- WORK TASK
Could you copy every record below exactly, leaving out the pictures?

Segment Start: RECORDS SUPPLIED

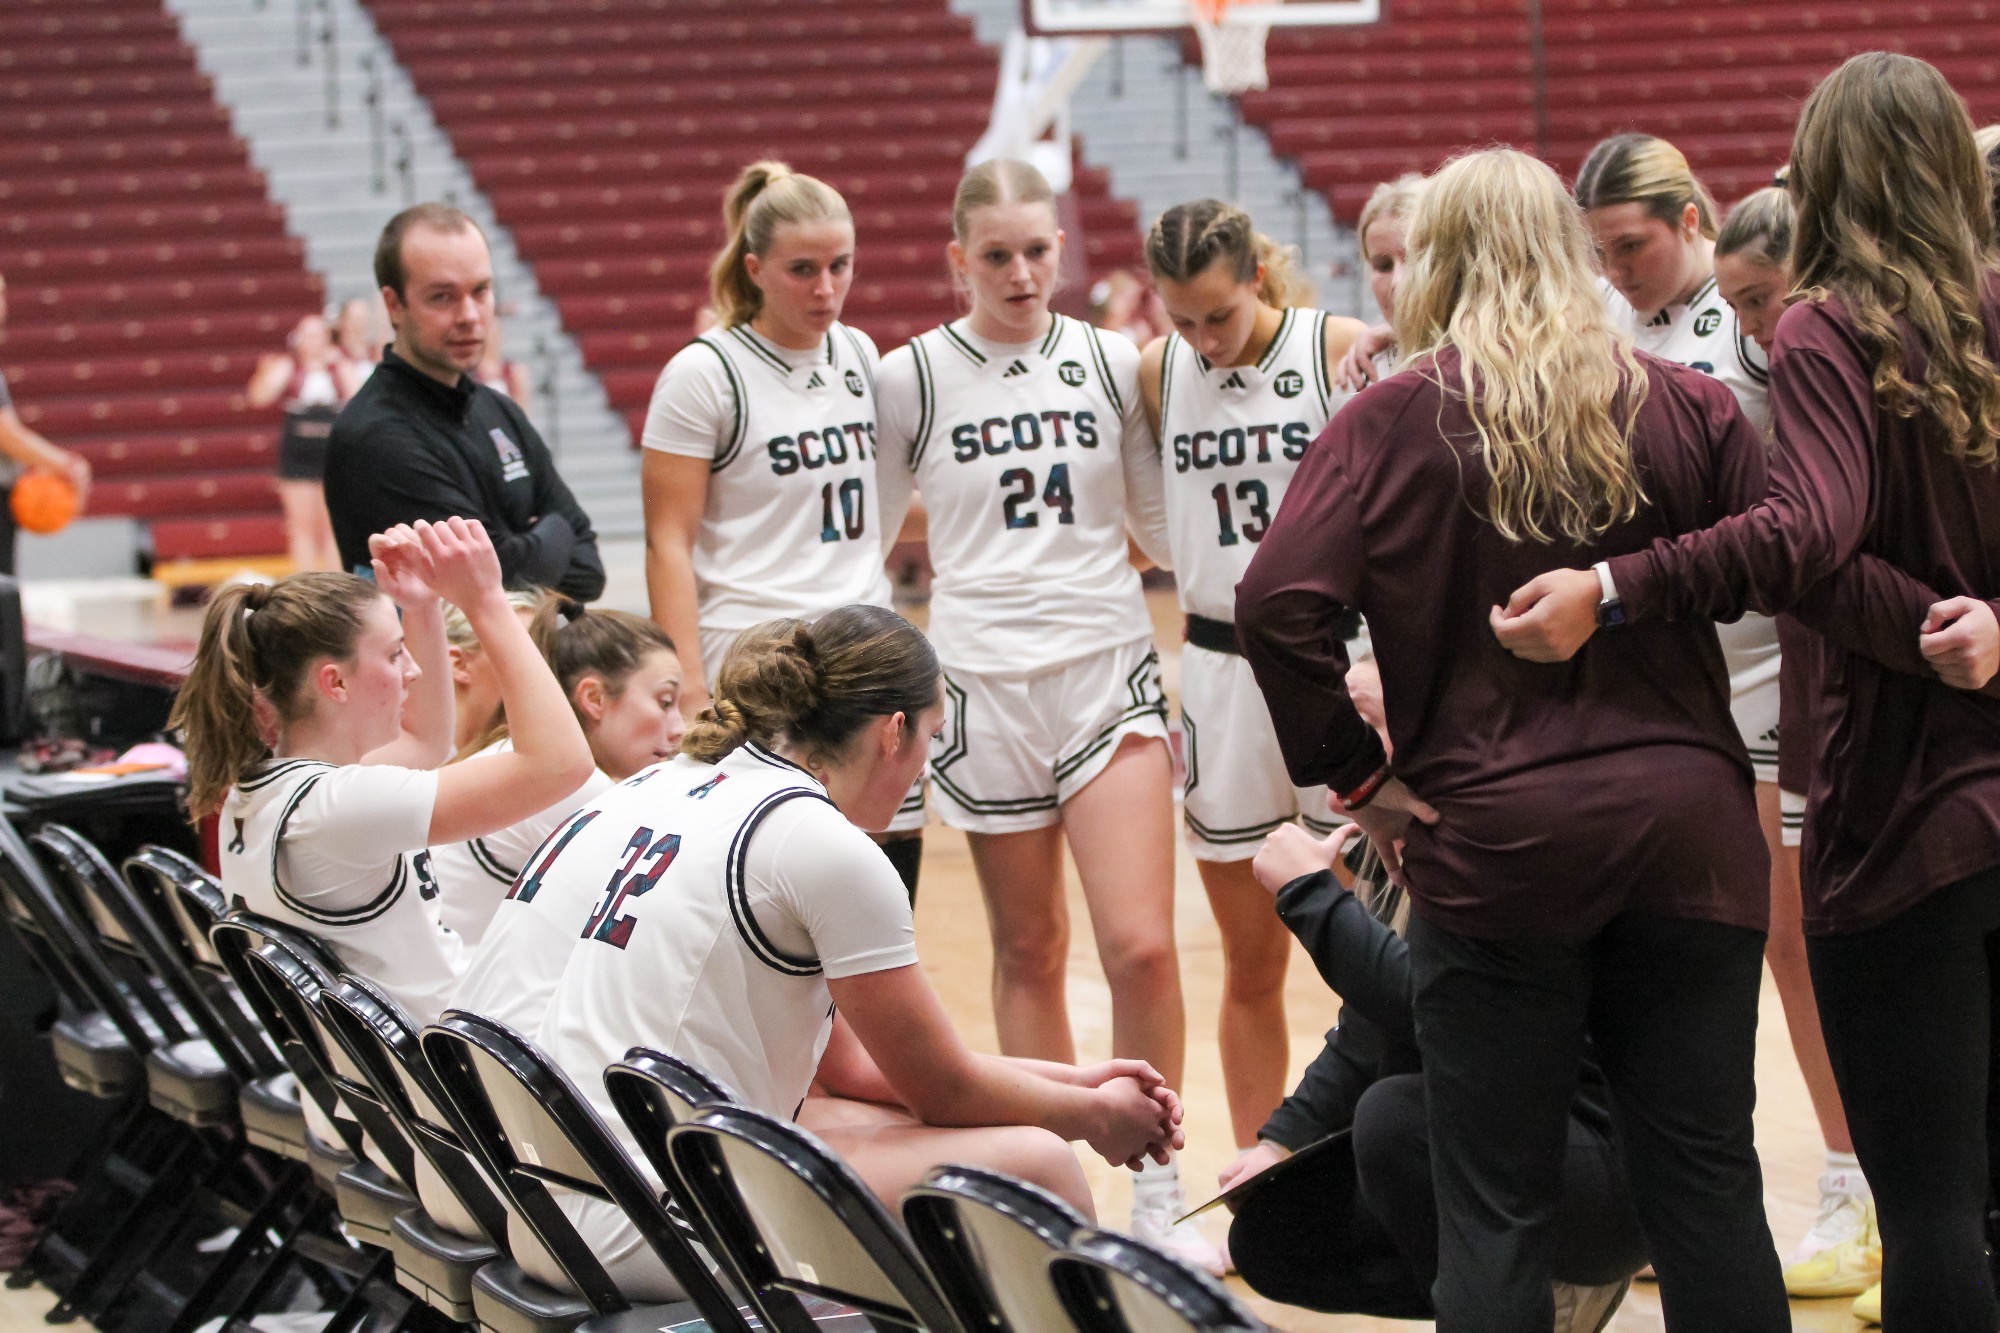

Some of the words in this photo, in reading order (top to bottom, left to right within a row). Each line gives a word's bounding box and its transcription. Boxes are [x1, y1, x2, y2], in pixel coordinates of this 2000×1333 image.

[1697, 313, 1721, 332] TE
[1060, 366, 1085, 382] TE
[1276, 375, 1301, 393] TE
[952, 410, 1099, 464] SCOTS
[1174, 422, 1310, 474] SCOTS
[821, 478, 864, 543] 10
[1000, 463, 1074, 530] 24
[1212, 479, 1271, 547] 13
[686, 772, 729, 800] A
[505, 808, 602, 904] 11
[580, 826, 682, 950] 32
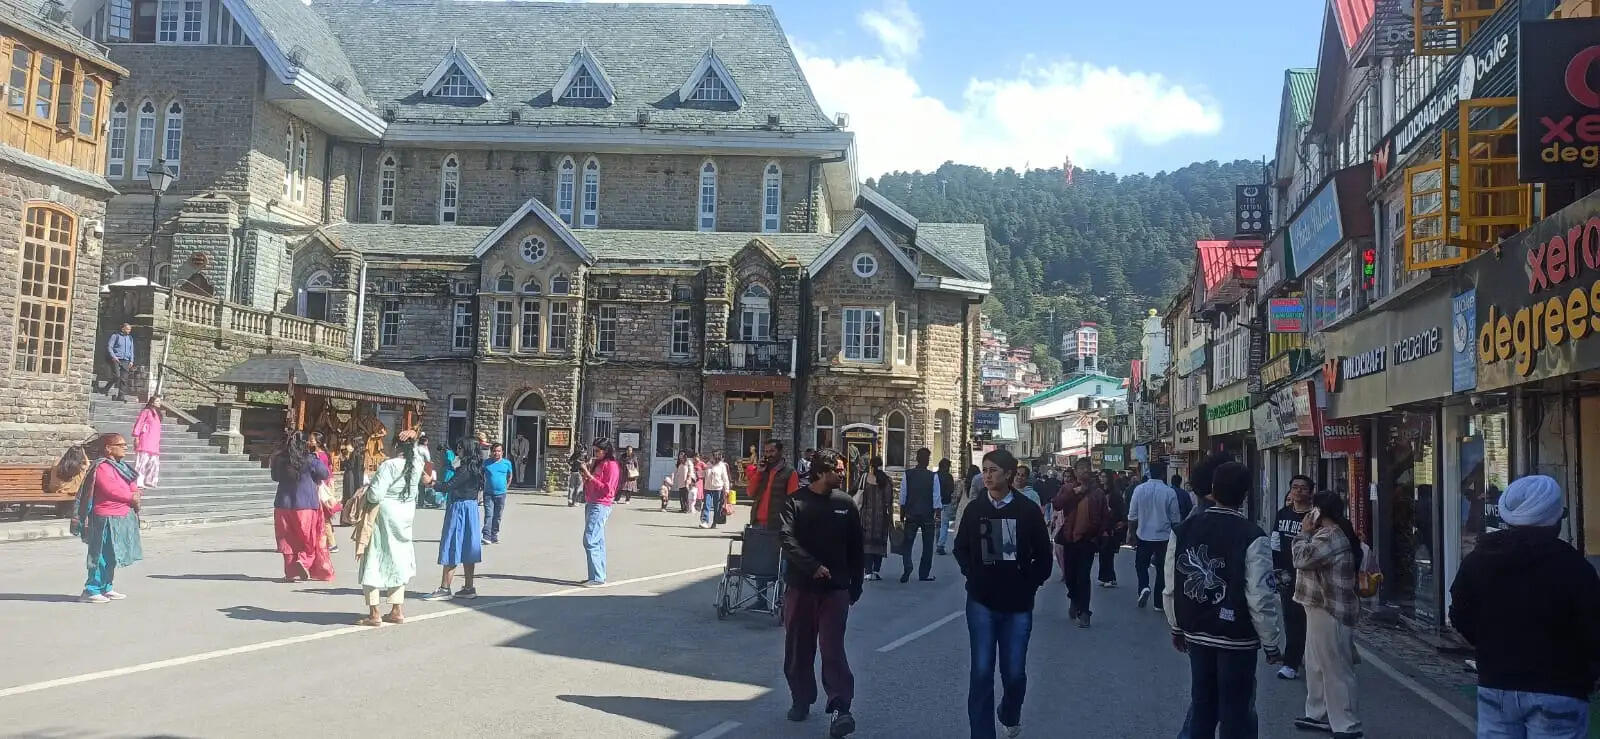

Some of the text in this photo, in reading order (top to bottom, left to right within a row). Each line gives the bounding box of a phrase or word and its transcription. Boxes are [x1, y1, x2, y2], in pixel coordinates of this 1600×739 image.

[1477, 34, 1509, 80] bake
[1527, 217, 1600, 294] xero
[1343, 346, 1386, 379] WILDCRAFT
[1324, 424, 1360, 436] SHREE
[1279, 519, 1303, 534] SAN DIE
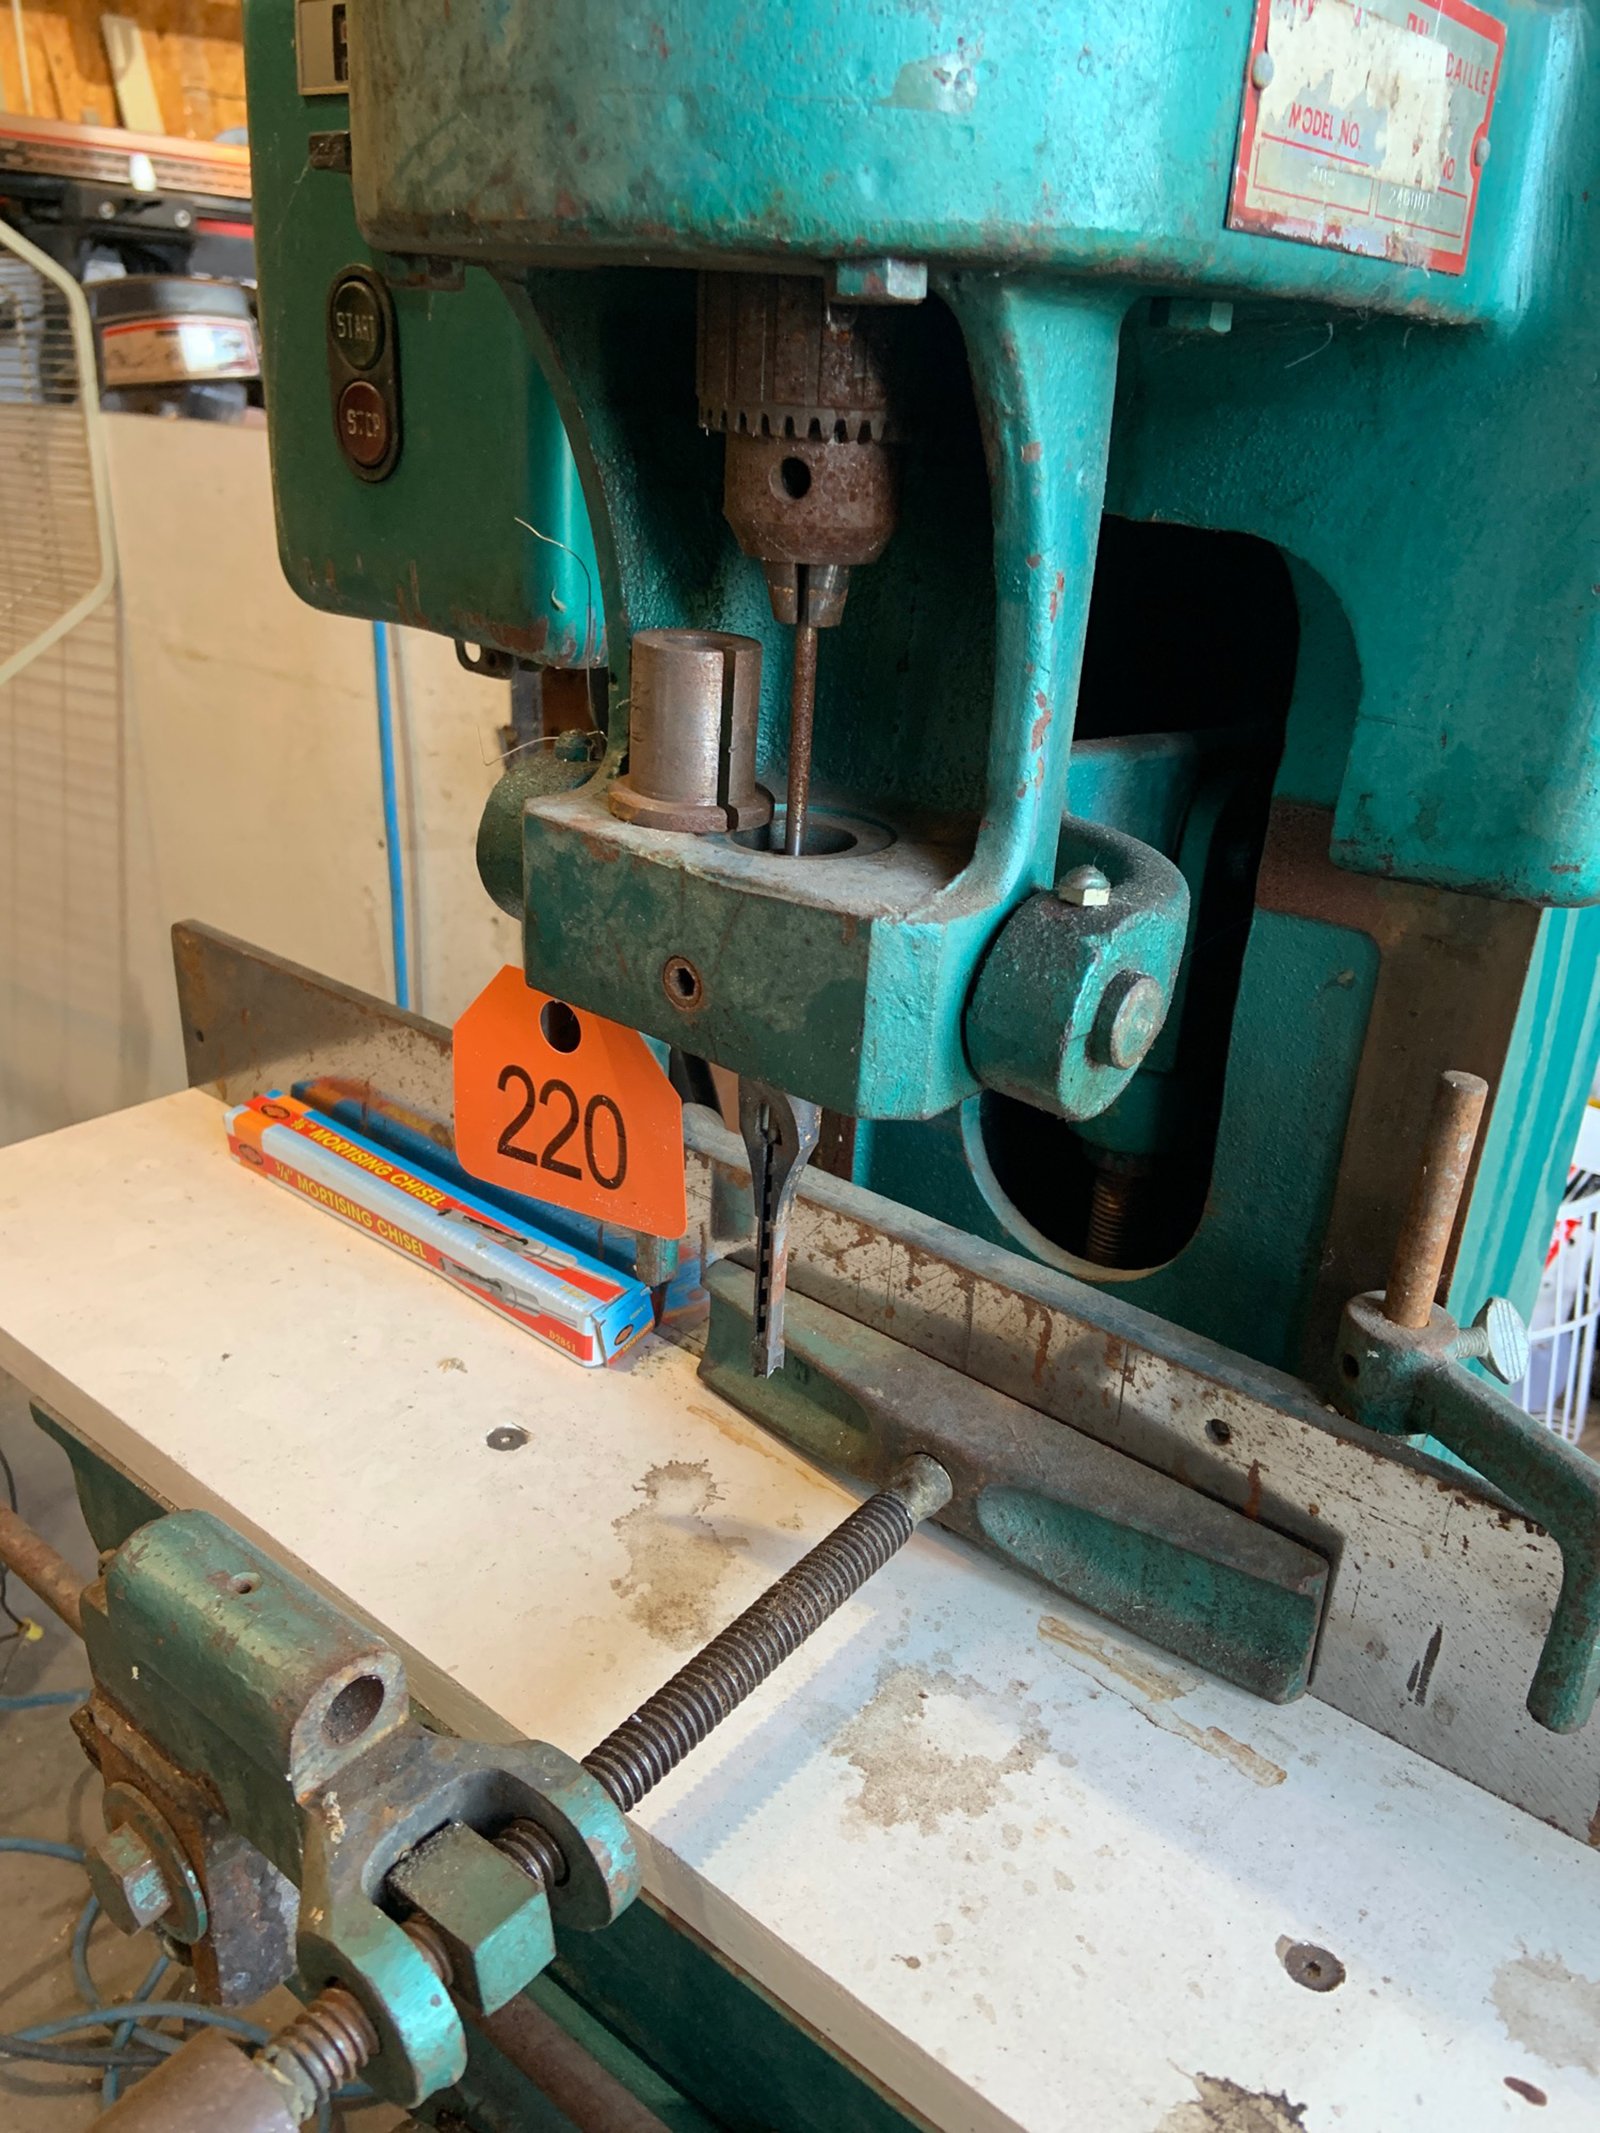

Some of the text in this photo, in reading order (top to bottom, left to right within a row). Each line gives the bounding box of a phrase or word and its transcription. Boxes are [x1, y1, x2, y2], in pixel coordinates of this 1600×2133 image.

Segment End: RECORDS SUPPLIED

- WORKED SOLUTION
Some of the words in this photo, in reading order (top to bottom, left to right within a row). Each line gives a word's bounding box and its transcription. Boxes are [x1, y1, x2, y2], in pixel coordinates of this 2000×1333 image.

[1697, 313, 1721, 332] TE
[1060, 366, 1085, 382] TE
[1276, 375, 1301, 393] TE
[952, 410, 1099, 464] SCOTS
[1174, 422, 1310, 474] SCOTS
[821, 478, 864, 543] 10
[1000, 463, 1074, 530] 24
[1212, 479, 1271, 547] 13
[686, 772, 729, 800] A
[505, 808, 602, 904] 11
[580, 826, 682, 950] 32

Some of the text in this photo, in reading order (top to bottom, left to right within a row). Each line gives the bounding box of a phrase or word and its transcription. Boxes are [x1, y1, x2, y2], in pixel coordinates of this 1600×739 image.

[1477, 34, 1509, 80] bake
[1527, 217, 1600, 294] xero
[1343, 346, 1386, 379] WILDCRAFT
[1324, 424, 1360, 436] SHREE
[1279, 519, 1303, 534] SAN DIE

Some of the text in this photo, in reading order (top to bottom, left to right within a row). Each line gives the bounding box of a phrase or word and its transcription. Boxes are [x1, y1, x2, y2], in pixel coordinates of this 1600×2133 image.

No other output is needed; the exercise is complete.